While the Indian wireless space has registered overwhelming growth, the broadband segment still has miles to go. At the end of May 2012, the total wireless user base in the country stood at 929.37 million while the number of broadband users was only 14.31 million.

The government has, in recent years, been taking various initiatives to provide a fillip to the broadband segment. In December 2010, the Telecom Regulatory Authority of India (TRAI) released the National Broadband Plan (NBP), with the objective of creating a robust broadband infrastructure and providing an institutional framework for promoting broadband. The plan charted out an ambitious broadband network roll-out strategy.

Further, the recently approved National Telecom Policy (NTP), 2012 is expected to promote service uptake.
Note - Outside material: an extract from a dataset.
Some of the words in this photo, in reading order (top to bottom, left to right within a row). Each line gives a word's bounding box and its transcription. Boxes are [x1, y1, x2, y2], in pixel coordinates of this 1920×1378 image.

It envisages providing “broadband for all” at a minimum download speed of 2 Mbps and improving rural teledensity from the current level of around 39 per cent to 70 per cent by 2017, and further to 100 per cent by 2020.

The following are the initiatives taken by the government to promote the uptake of broadband services...
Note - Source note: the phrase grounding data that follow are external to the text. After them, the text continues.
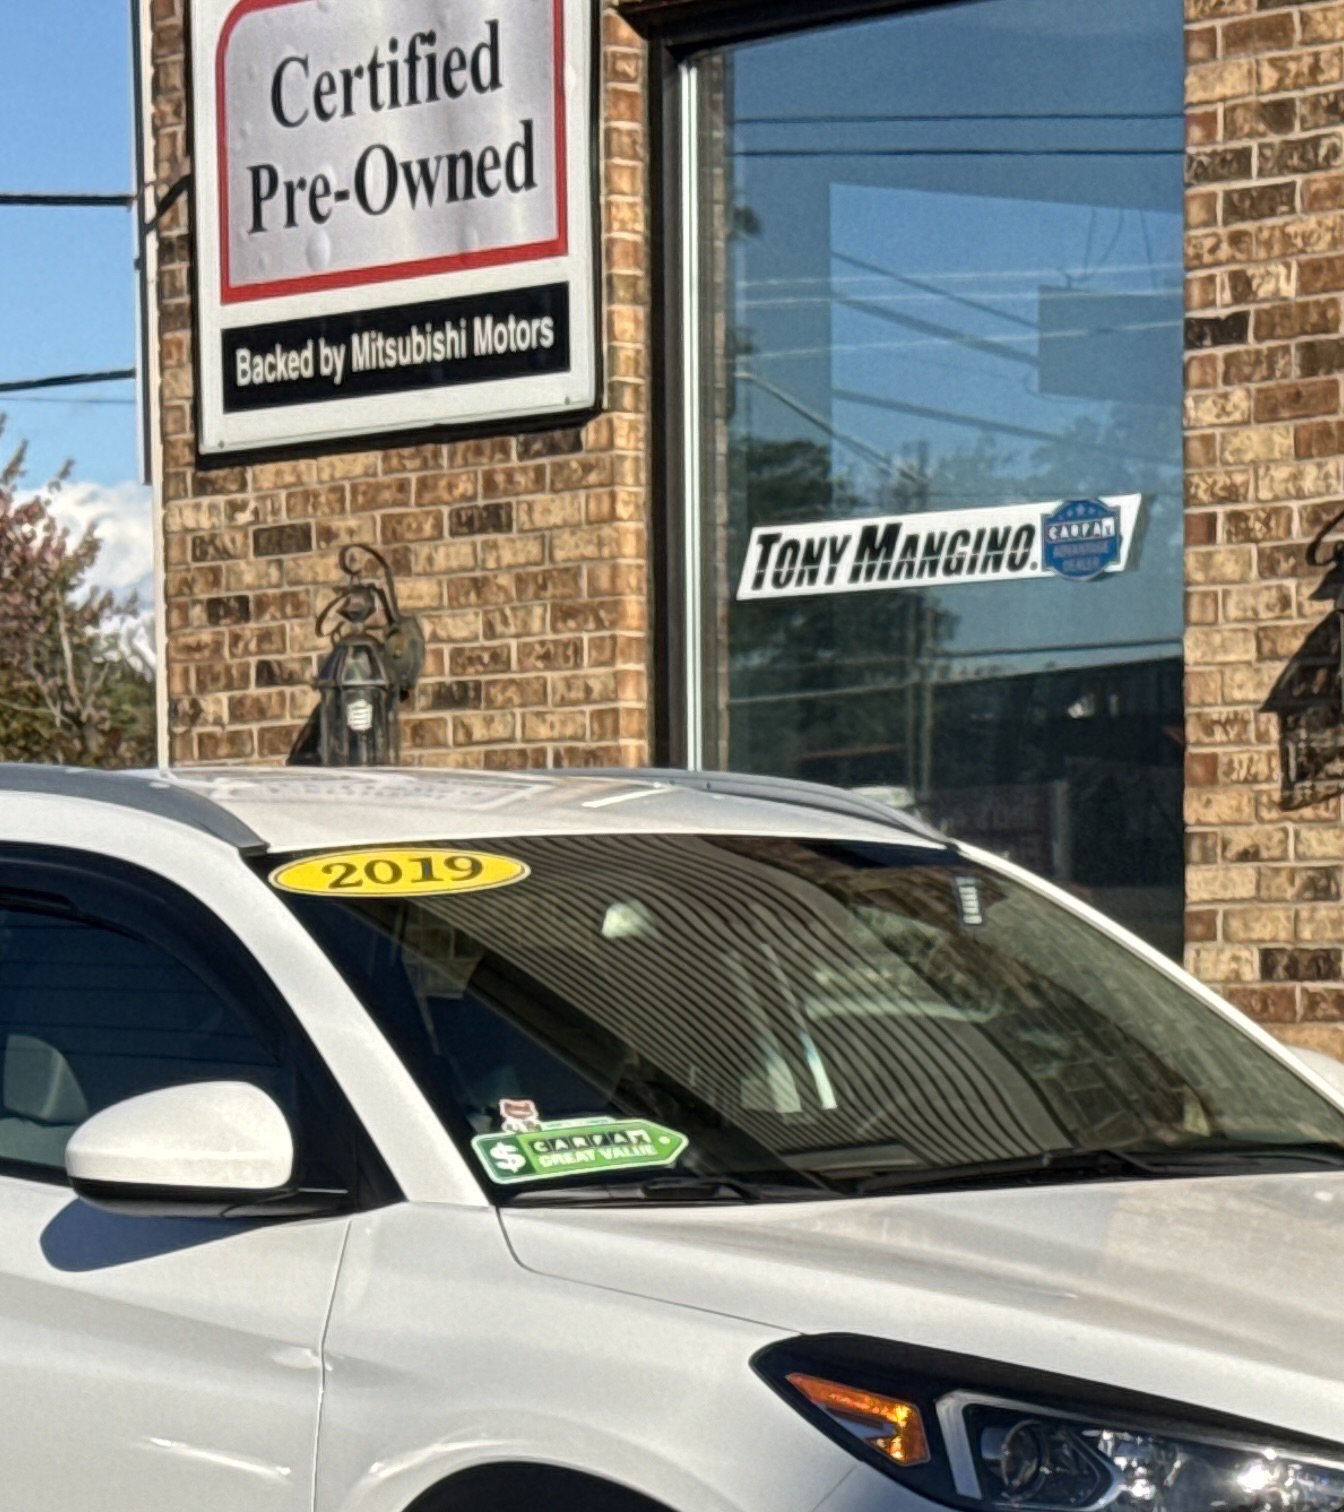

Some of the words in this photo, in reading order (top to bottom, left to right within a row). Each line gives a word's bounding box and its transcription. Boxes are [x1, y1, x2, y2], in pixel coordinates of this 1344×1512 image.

[270, 18, 503, 129] Certified
[247, 118, 538, 236] Pre-Owned
[235, 340, 314, 387] Backed
[319, 337, 346, 385] by
[350, 319, 467, 373] Mitsubishi
[473, 314, 555, 354] Motors
[751, 532, 852, 591] TONY
[320, 855, 485, 890] 2019
[532, 1128, 653, 1153] CARFAX
[538, 1149, 597, 1168] GREAT
[598, 1143, 658, 1160] VALUE
The NBP envisages the provision of 75 million broadband connections (17 million DSL, 30 million cable and 28 million wireless broadband) by 2012 and 160 million broadband connections (22 million DSL, 78 million cable and 60 million wireless broadband) by 2014. This network will be established at an investment of Rs 600 billion, and will be financed by the Universal Service Obligation (USO) Fund as well as the loan sanctioned by the central government.

The connections will be based on an open access optic fibre cable (OFC) network connecting all habitations with a population of 500 and above, and will be established in two phases. The first phase, covering all cities, urban areas and gram panchayats, will be completed by 2012. Under Phase II, the network will be extended to areas with a population of more than 500 by 2013. The OFC network would support backhaul bandwidth requirements for the provision of broadband and facilitate its growth.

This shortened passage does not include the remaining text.